Lance Armstrong Tells Oprah His Doping Denials Were 'One Big Lie I've Repeated A Lot Of Times'
Seven-time Tour de France winner Lance Armstrong was stripped of all seven of his titles in August after the U.S. Anti-Doping Agency (USADA) when he decided he would no longer fight doping allegations after vehemently denying them for years.
"There comes a point in every man's life when he has to say, 'Enough is enough.' For me, that time is now," he said in a statement; pointing out that it was not an admission of guilt.
Now, Armstrong has come forward and confessed to Oprah Winfrey that he did, indeed, use illegal drugs and had blood transfusions during his performances in the cycling event; saying that he wouldn't have been able to win all seven titles without doing so.
Armstrong spent years denying the doping allegations and finally came clean to Oprah on her show Thursday night.
The host began her interview with a series of yes/no questions, which included asking Lance if he used performance enhancing drugs (PEDs) like Erythropoietin, testosteron, human growth hormone (HGH), cortisone and blood transfusions to help him gain better odds of winning the races.
Armstrong answered "yes" to all of her questions.
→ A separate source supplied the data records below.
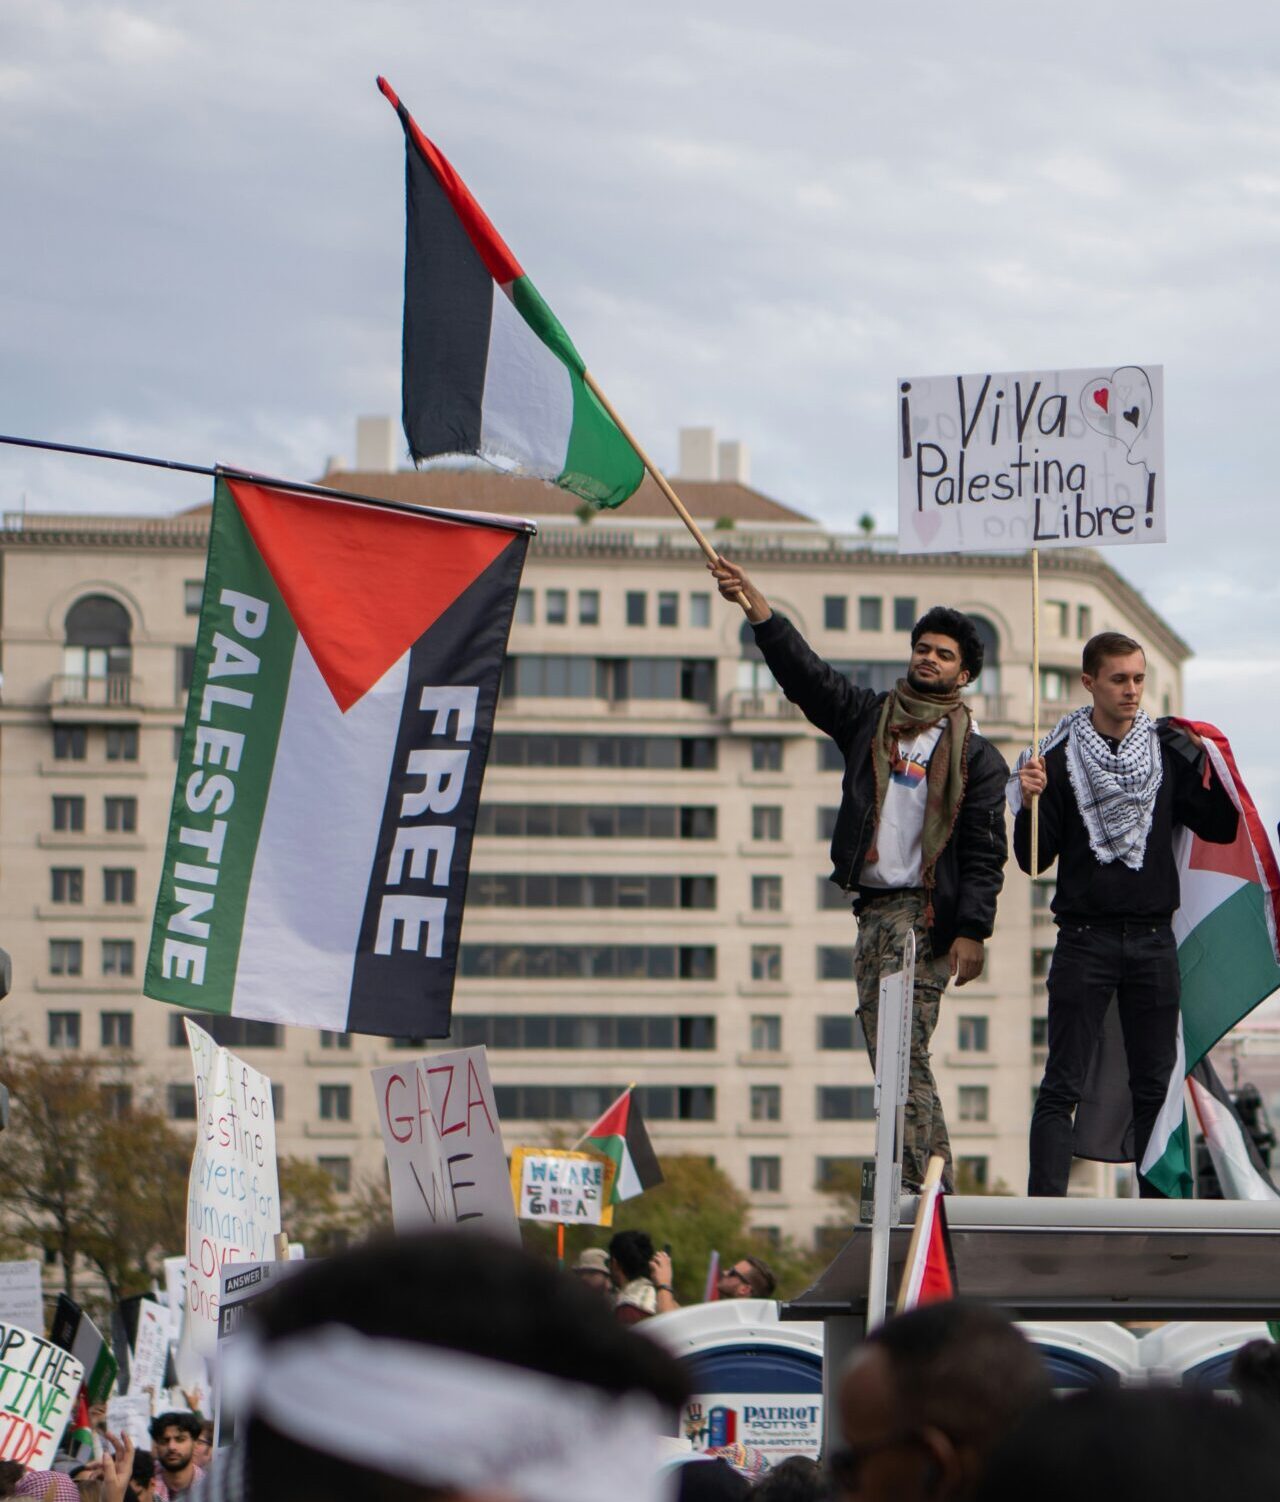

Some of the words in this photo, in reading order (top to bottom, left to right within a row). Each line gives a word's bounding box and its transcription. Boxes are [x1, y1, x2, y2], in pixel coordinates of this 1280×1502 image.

[917, 442, 1086, 512] Palestina
[162, 588, 270, 985] PALESTINE
[374, 685, 480, 958] FREE
[240, 1067, 269, 1120] for
[385, 1057, 495, 1144] GAZA
[410, 1153, 484, 1223] WE
[530, 1161, 559, 1182] WE
[567, 1166, 601, 1186] ARE
[529, 1196, 588, 1217] GAZA
[227, 1269, 260, 1292] ANSWER
[28, 1336, 75, 1392] THE
[0, 1362, 71, 1432] TINE
[743, 1406, 820, 1424] PATRIOT
[751, 1421, 809, 1429] POTTYS
Armstrong, who won his first Tour de France in 1999; said, "My cocktail was EPO, transfusions and testosterone"; adding that he took cortisone early in his career.
The athlete called himself a "flawed character" during the admission, telling Winfrey that he didn't have an answer to why he finally decided to come clean.
"This is too late for probably most people and that's my fault. I view this situation as one big lie that I've repeated a lot of times," he said.
"The story was perfect for so long... You overcame the disease, you win the Tour De France seven times, you have a happy marriage, you have children..." he said; "...I didn't invent the culture (of doping), but I didn't try to stop the culture."
Lance then apologized to his fans, saying, "I made my decisions. They're my mistake. And I'm sitting here today to acknowledge that and to say I'm sorry for that."
Armstrong also said he never pushed any of his teammates on the Tour to use PEDs, despite allegations. "I'm out of the business of calling somebody a liar... that is not true," he said.
The 41-year-old, who started the Livestrong foundation after his battle with testicular cancer, stepped down as chairman and left the board of directors late last year. He apologized to the staff at the foundation's facility in Austin, Texas on Monday, ahead of the Oprah interview, but without confessing to doping.
In addition to his seven Tour titles being stripped, Armstrong has also been banned from competitive cycling and has also stripped of the bronze medal he won at the Sydney Games in 2000.